Pubblicità occulta su Twitter: polemica contro le star

Un vizietto di molti personaggi dello star system sta cominciando a innervosire l’OFT (l’organismo di controllo del commercio negli USA) e forse anche Twitter: sul microblogging sono molte le celebrità che inseriscono pubblicità a prodotti e qualcuno sospetta che ci guadagnino pure.

In America li chiamano Twitter-endorser, dichiarazioni che vanno prese sul serio, così come è seria la denuncia dei consumatori che vorrebbero vederci chiaro: un follower di una star deve credere a quei 140 caratteri come una confessione personale oppure è tutta pubblicità? Qual è il confine, se esiste? E dovrebbe essere dichiarato?

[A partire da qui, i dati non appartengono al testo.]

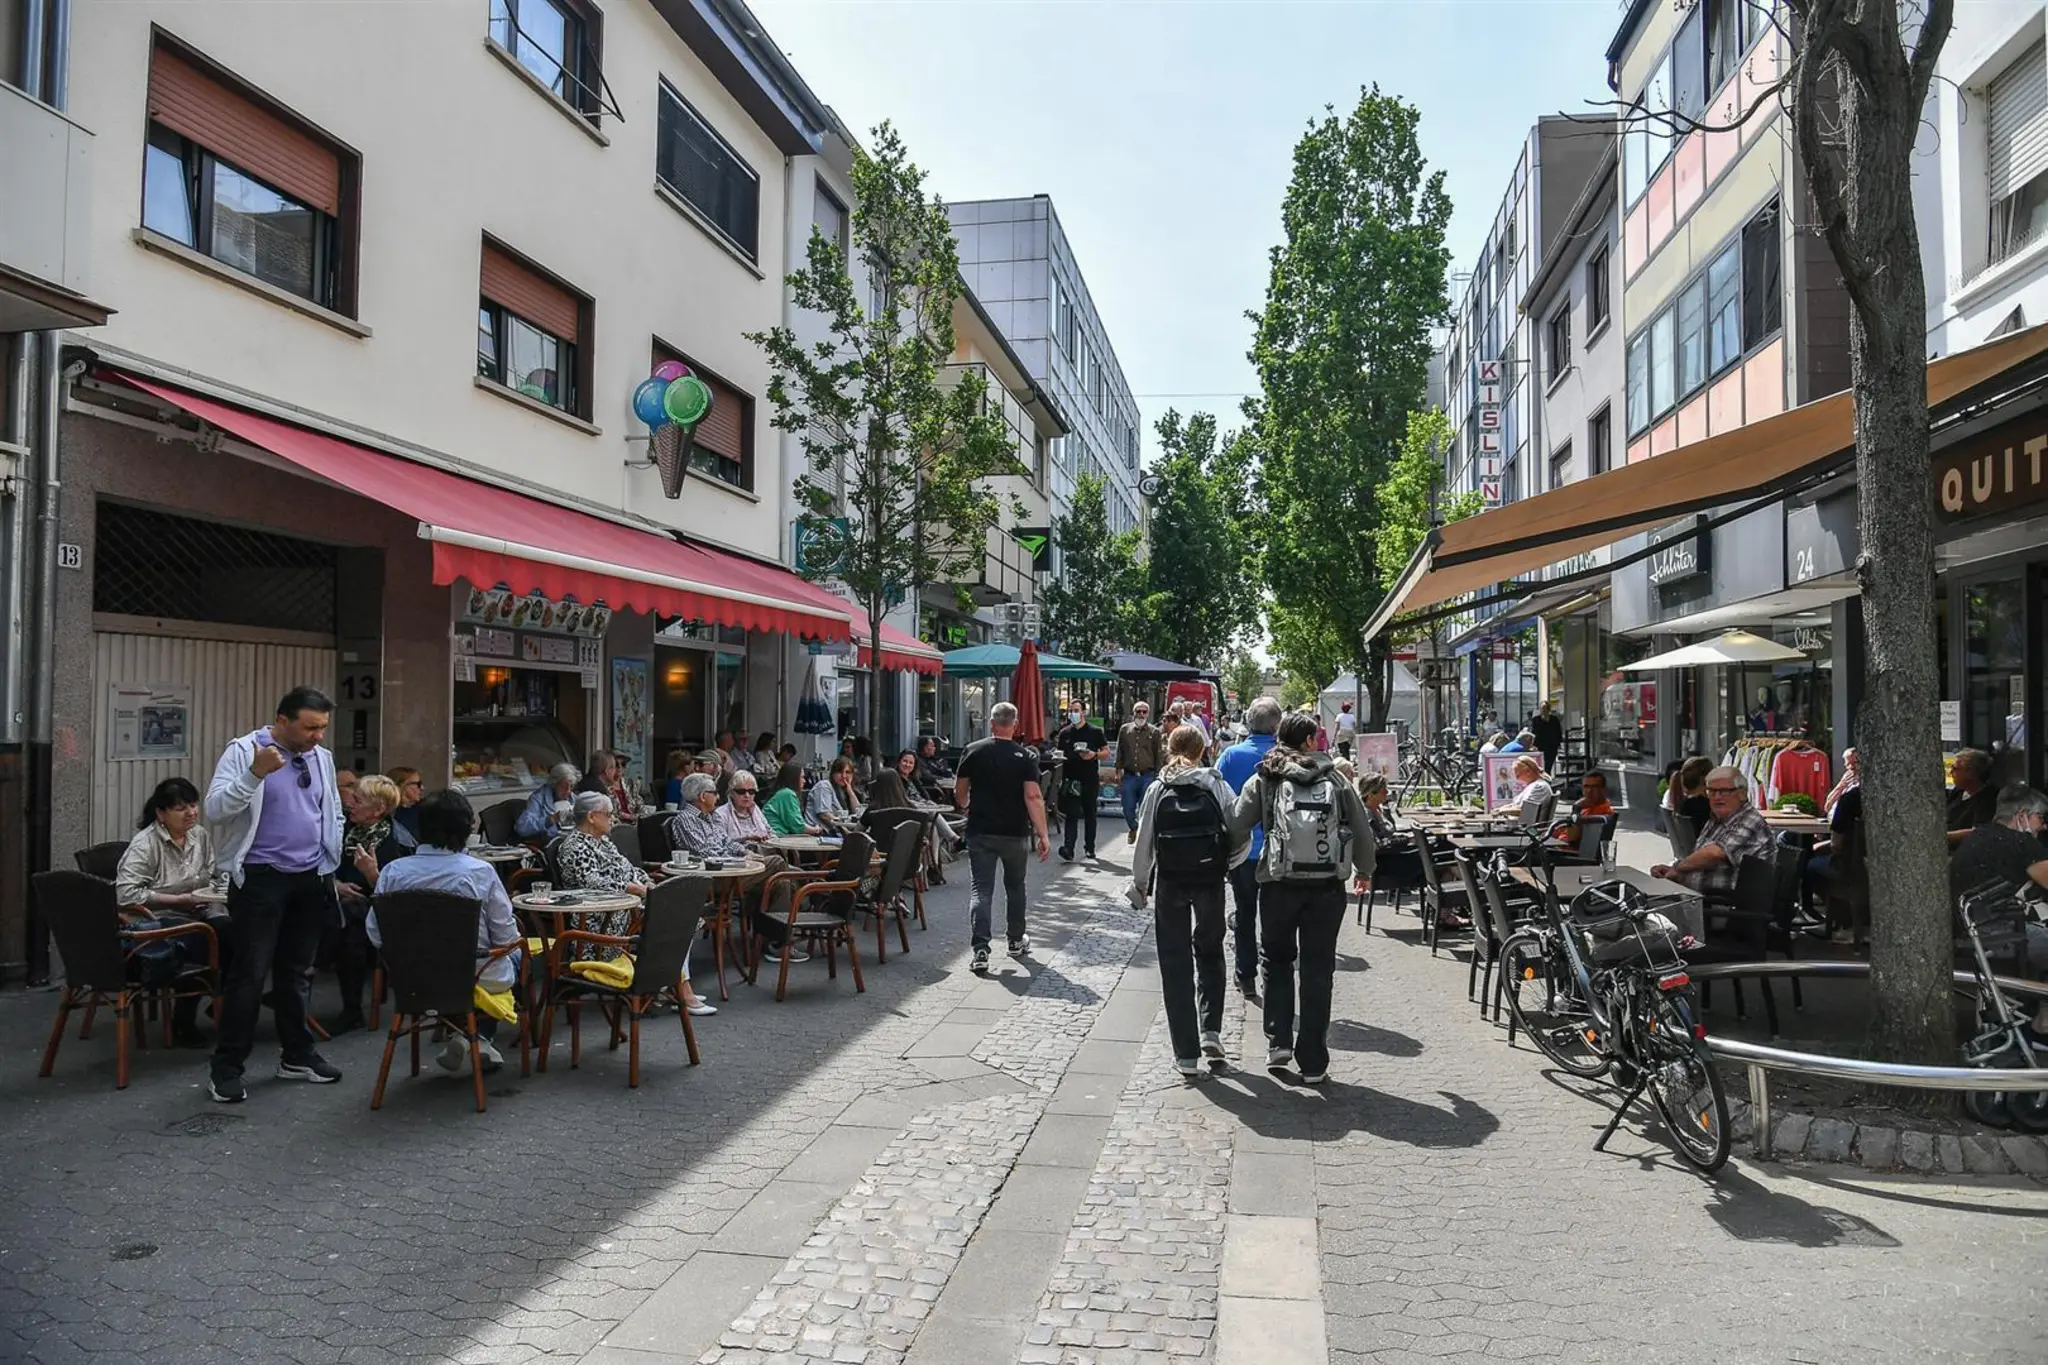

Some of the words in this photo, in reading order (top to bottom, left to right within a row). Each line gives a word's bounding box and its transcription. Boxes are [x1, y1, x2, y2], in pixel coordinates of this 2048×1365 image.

[1941, 433, 2048, 513] QUIT
[60, 545, 78, 566] 13
[1797, 546, 1814, 581] 24
[341, 675, 376, 700] 13
[1311, 791, 1331, 863] BRTO

Il Guardian ha scritto un interessante articolo dove si spiega come l’Office of Fair Trading abbia iniziato un giro di vite contro gli utenti di Twitter che, in maniera nascosta, appoggiano prodotti e aziende senza indicare chiaramente il loro rapporto con la marca: insomma, pubblicità occulta.

E per far capire come la pensa (essendo un reato) ha intentato una causa contro una società di pubbliche relazioni che è stato scoperto pagava i blogger che scrivevano commenti entusiasti su certi marchi.

In un comunicato, l’OFT definisce la pubblicità “ingannevoli” ai sensi delle norme di concorrenza leale, specificando che “ciò include commenti su servizi e prodotti sui blog e microblog come Twitter”.

Il cattivo esempio l’ha dato subito uno specialista come Snoop Doggy Dog, che ha confessato di guadagnare anche 2.000 dollari per un singolo tweet di approvazione su un prodotto. Tutto esentasse.

Ma forse non tutti sanno che negli Stati Uniti in ogni caso, anche su un tweet, ci deve essere la sigla “ad” (advertising) per dichiarare che quel contenuto è stato pagato. Una legge che non esiste in Italia e in quasi nessun paese europeo.

Che evoluzione avrà questa vicenda? Difficile dirlo, anche perché è sempre più chiaro come Twitter non riesca a rimanere al passo del mercato della pubblicità e il sistema dei tweet promozionali è tutto da rodare.

Che anche in Italia, magari, l’antitrust possa dire la sua, o dovremo rassegnarci a vedere questi organismi lottare “contro” Internet, invece di regolamentarlo per davvero?